GDP Word Written In Wooden Cube reflection on black mirrow with money stack as graph in background stock photo

Amid accumulating evidence of a stalling economy, Scotiabank economists have reduced their forecast for GDP growth this year.

Scotia cut its growth forecast for this year to 1.2% from 1.7%, saying it sees even slower growth of just 0.7% next year.

While one-off events such as floods, wildfires and the strike by dockworkers in Vancouver will have transitory effects on the economy, the underlying path for the economy is slower.

“After roughly accounting for these disturbances, we continue to expect a basically stalled economy for the next few quarters,” Scotia said.

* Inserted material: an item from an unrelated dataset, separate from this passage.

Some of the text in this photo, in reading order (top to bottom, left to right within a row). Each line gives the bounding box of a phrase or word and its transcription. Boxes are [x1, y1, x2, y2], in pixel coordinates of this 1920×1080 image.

The impact of those events will also factor into the Bank of Canada’s reading of the outlook and the path for monetary policy, Scotia noted.

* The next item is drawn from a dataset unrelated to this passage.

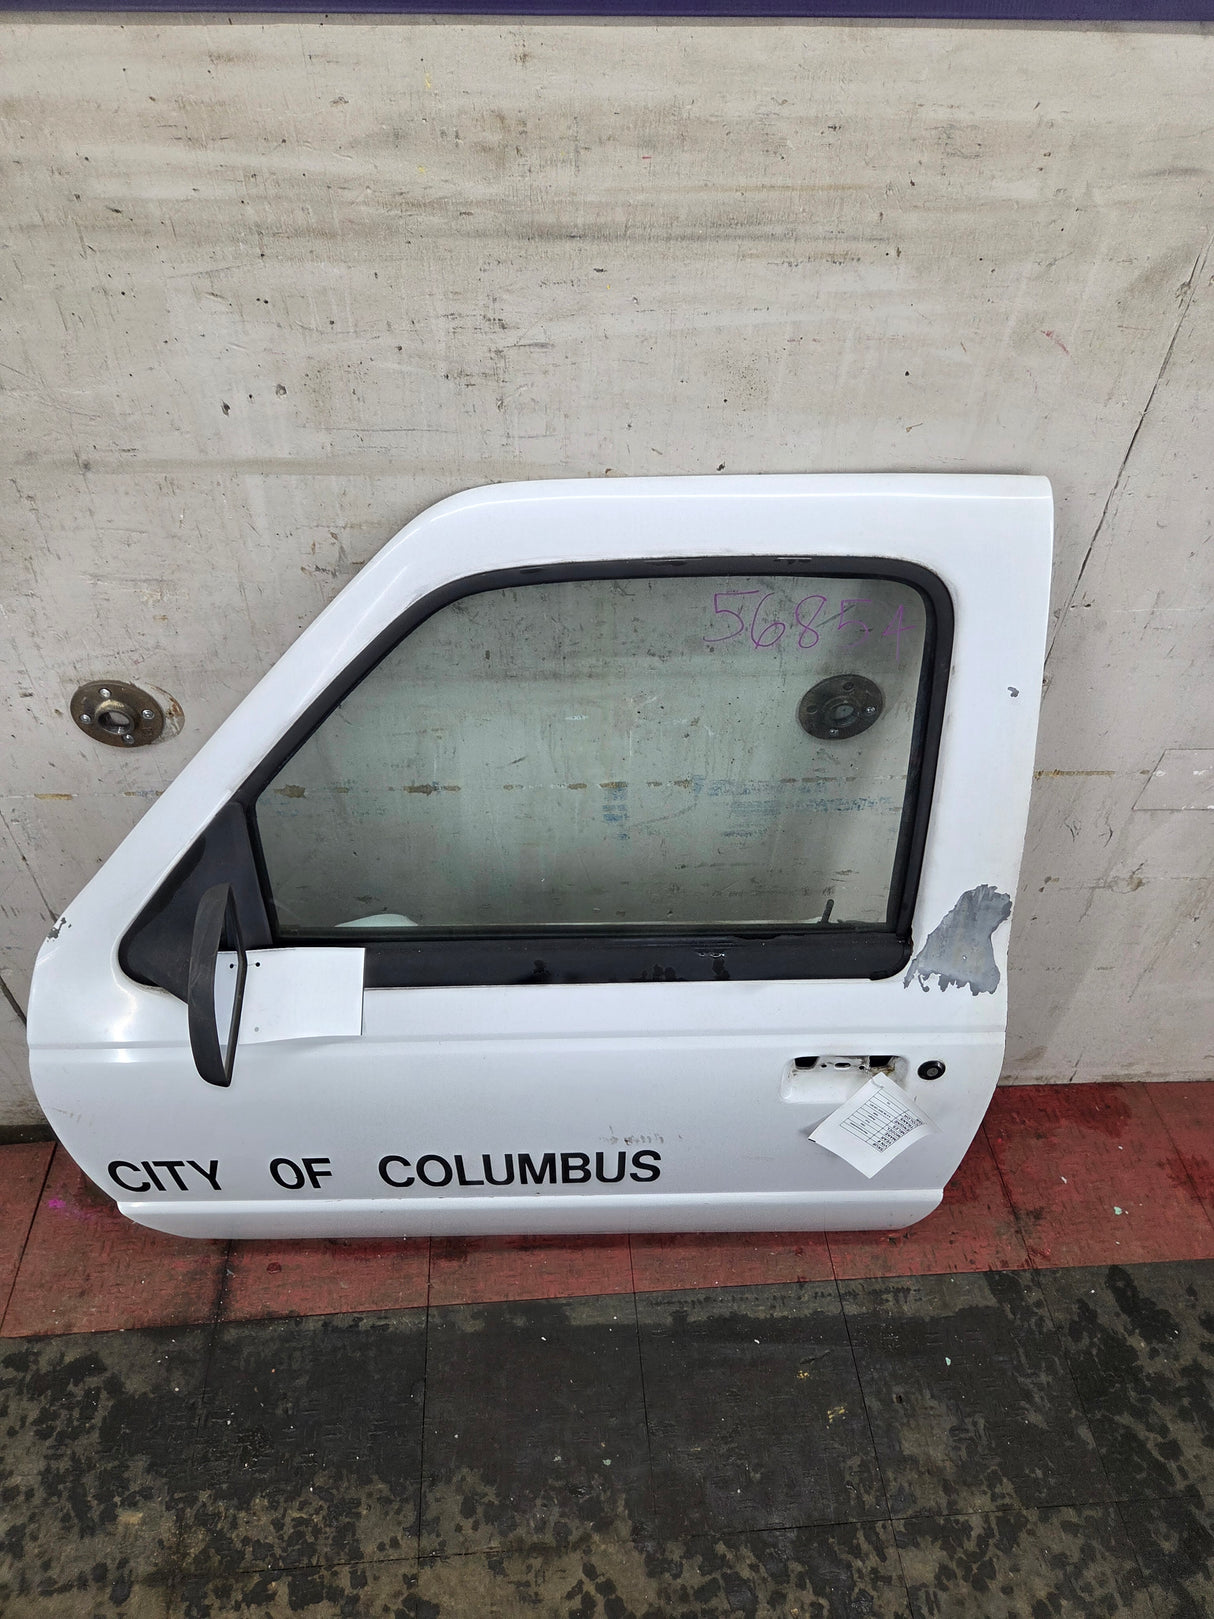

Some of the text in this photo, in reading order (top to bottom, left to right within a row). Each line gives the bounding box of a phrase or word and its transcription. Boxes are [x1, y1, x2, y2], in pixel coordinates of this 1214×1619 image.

“Governor Macklem has been looking for evidence that the economy is slowing as he fine tunes policy settings,” the economists said.

At this point, the report indicated these events were a drag on growth in the second — and likely the third — quarter. The typical rebound that follows a negative shock isn’t expected until the fourth quarter, Scotia noted, while cautioning that it’s “impossible at this stage to have a firm view on the impact of these shocks.”

Inflation remains the biggest risk in the outlook, Scotia’s report said.

“Though we expect core inflation to decelerate in coming months, Governor Macklem has very little ability to tolerate a rise in core inflation. A very small rise in core inflation, or if core inflation were to remain at current levels beyond this quarter, would force the Bank of Canada to raise its policy rate further,” it said.

Currently, Scotia expects the Bank of Canada to keep rates at current levels until at least the second quarter of 2024 — provided inflation eases.

“Given the stickiness of recent core inflation readings, this means risks are clearly tilted to the upside as they concern interest rates,” it said.